• **Exercise description**: Each record that follows is to be reproduced character for character, pictures excepted.

BEGIN

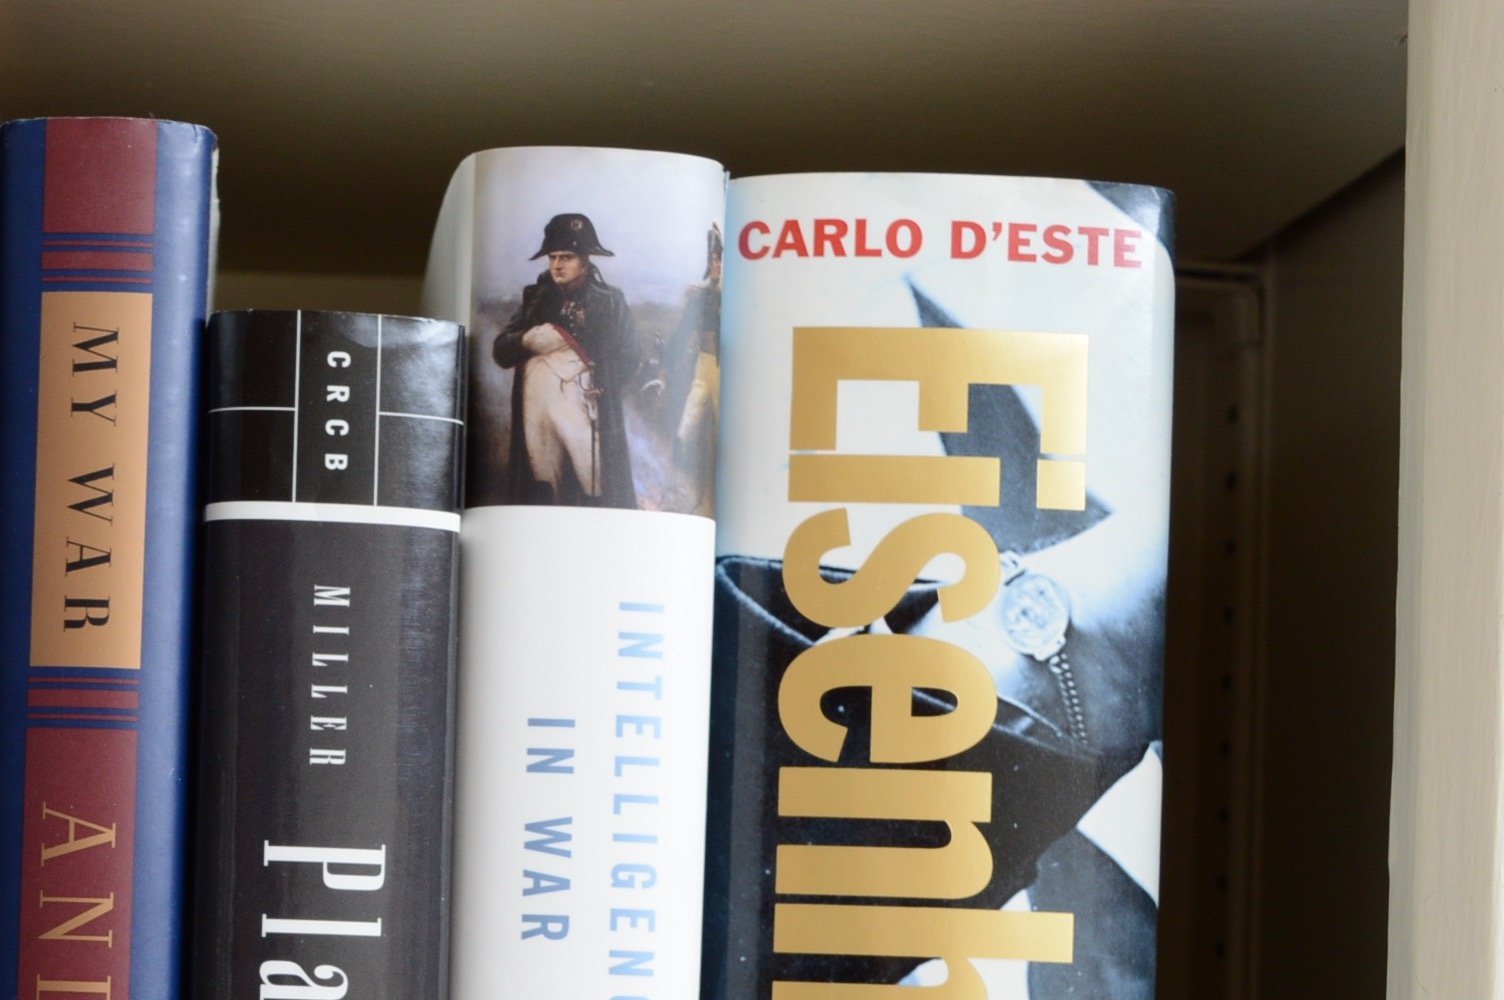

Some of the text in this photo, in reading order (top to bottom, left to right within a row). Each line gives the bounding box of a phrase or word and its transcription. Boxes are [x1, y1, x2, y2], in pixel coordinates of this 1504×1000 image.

[738, 218, 1142, 269] CARLO D'ESTE
[63, 321, 119, 632] MY WAR
[325, 350, 352, 471] CRCB
[309, 585, 350, 765] MILLER
[521, 718, 576, 941] IN WAR
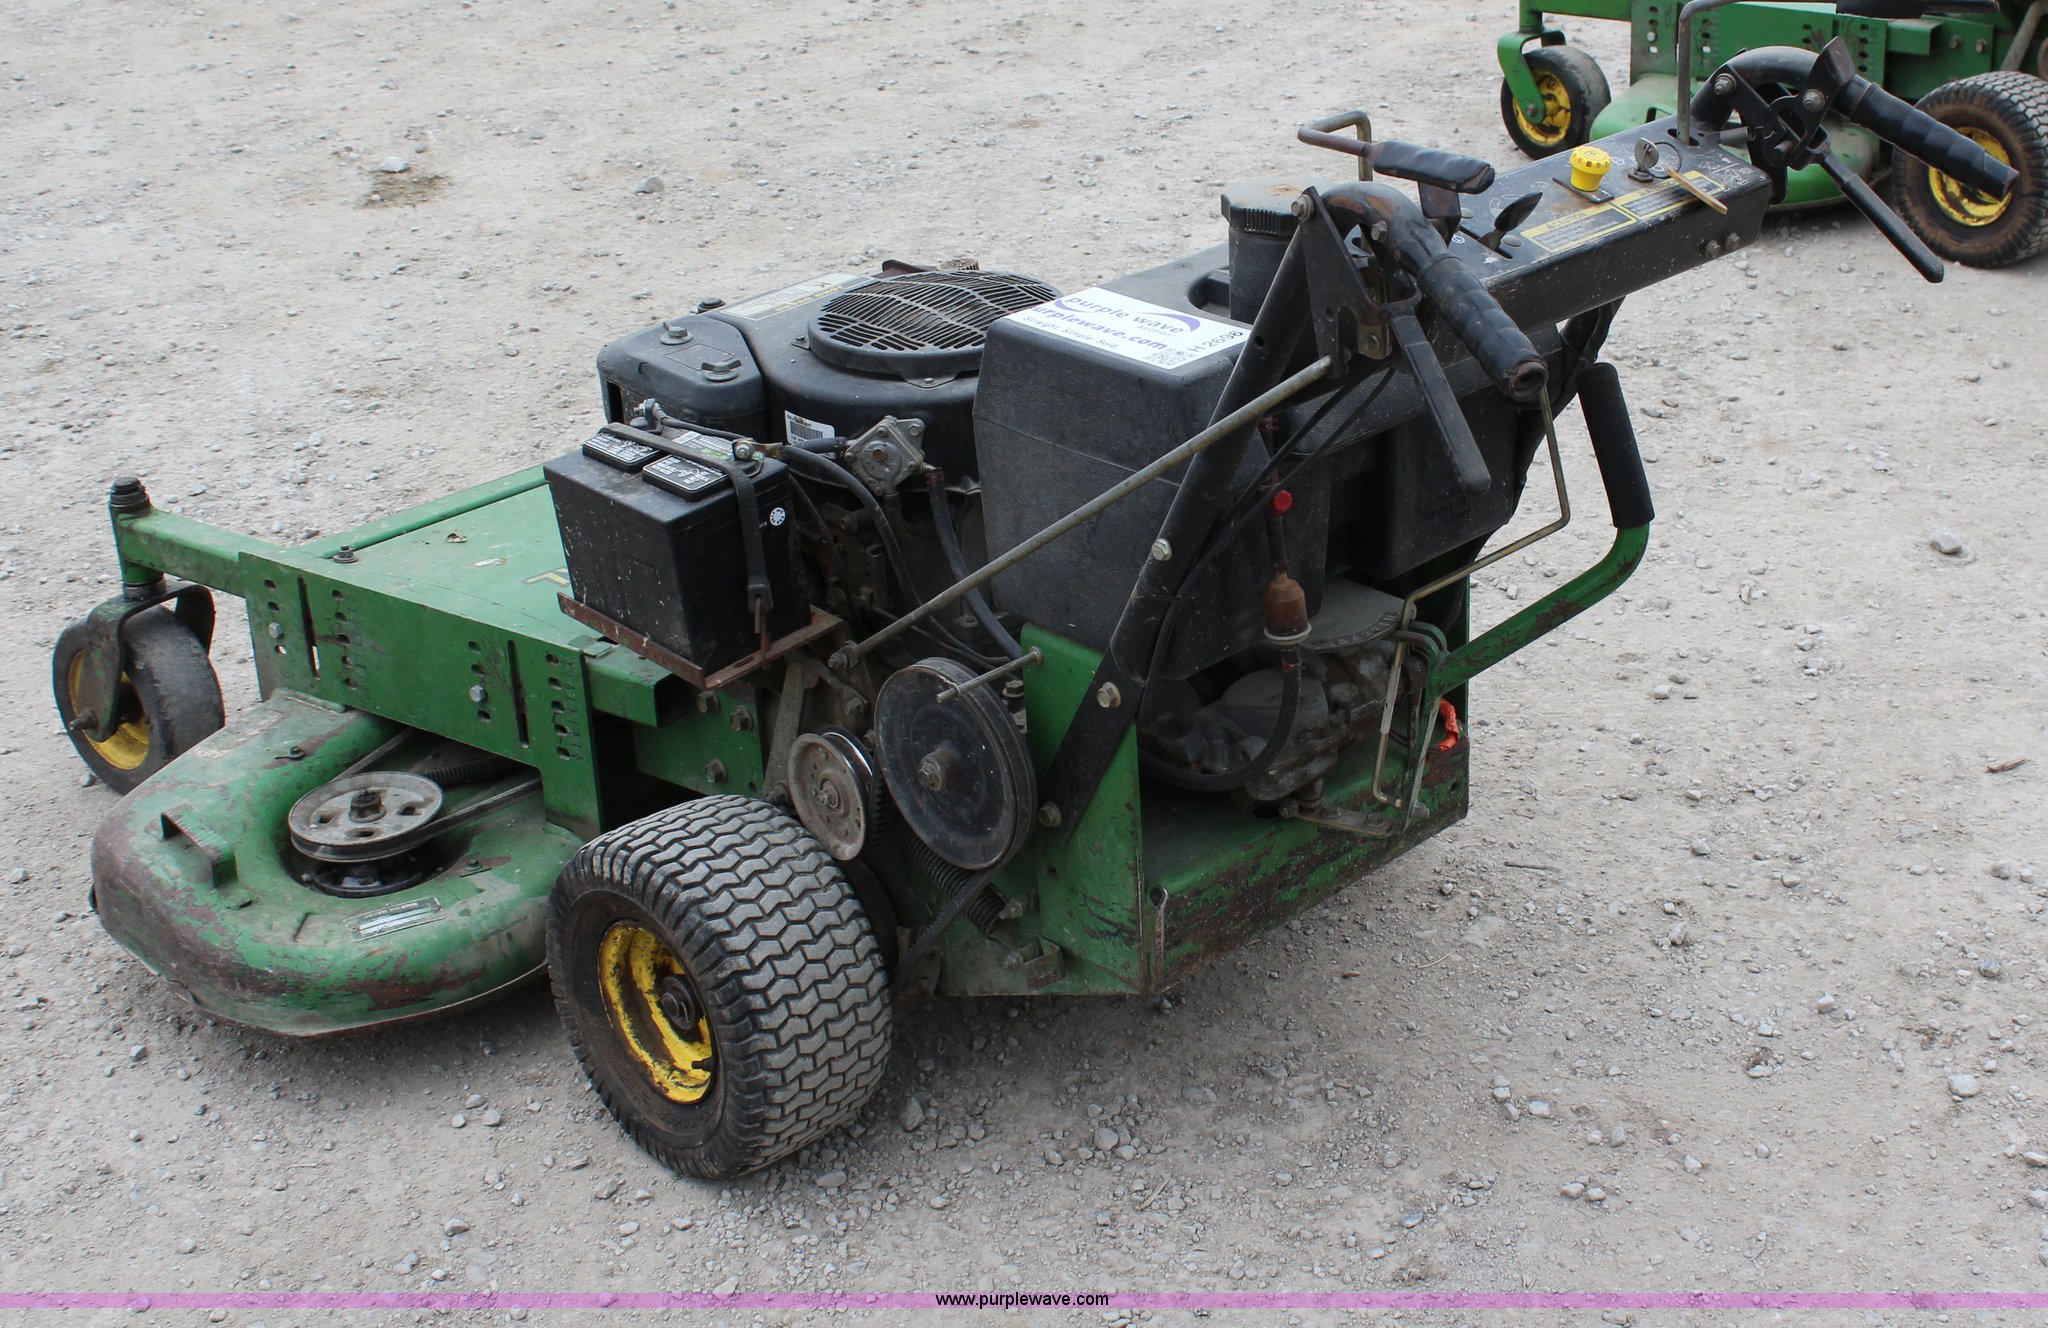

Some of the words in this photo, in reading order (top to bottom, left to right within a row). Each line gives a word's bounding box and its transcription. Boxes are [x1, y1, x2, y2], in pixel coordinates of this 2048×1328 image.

[1032, 307, 1168, 350] urplewave.com
[1066, 298, 1128, 318] purple
[1133, 317, 1184, 333] wave

END

• **Response to this task**:
Some of the text in this photo, in reading order (top to bottom, left to right within a row). Each line gives the bounding box of a phrase or word and its transcription. Boxes are [x1, y1, x2, y2], in pixel coordinates of this 1504×1000 image.

[738, 218, 1142, 269] CARLO D'ESTE
[63, 321, 119, 632] MY WAR
[325, 350, 352, 471] CRCB
[309, 585, 350, 765] MILLER
[521, 718, 576, 941] IN WAR

Some of the words in this photo, in reading order (top to bottom, left to right within a row). Each line gives a word's bounding box and its transcription. Boxes are [x1, y1, x2, y2], in pixel coordinates of this 2048×1328 image.

[1032, 307, 1168, 350] urplewave.com
[1066, 298, 1128, 318] purple
[1133, 317, 1184, 333] wave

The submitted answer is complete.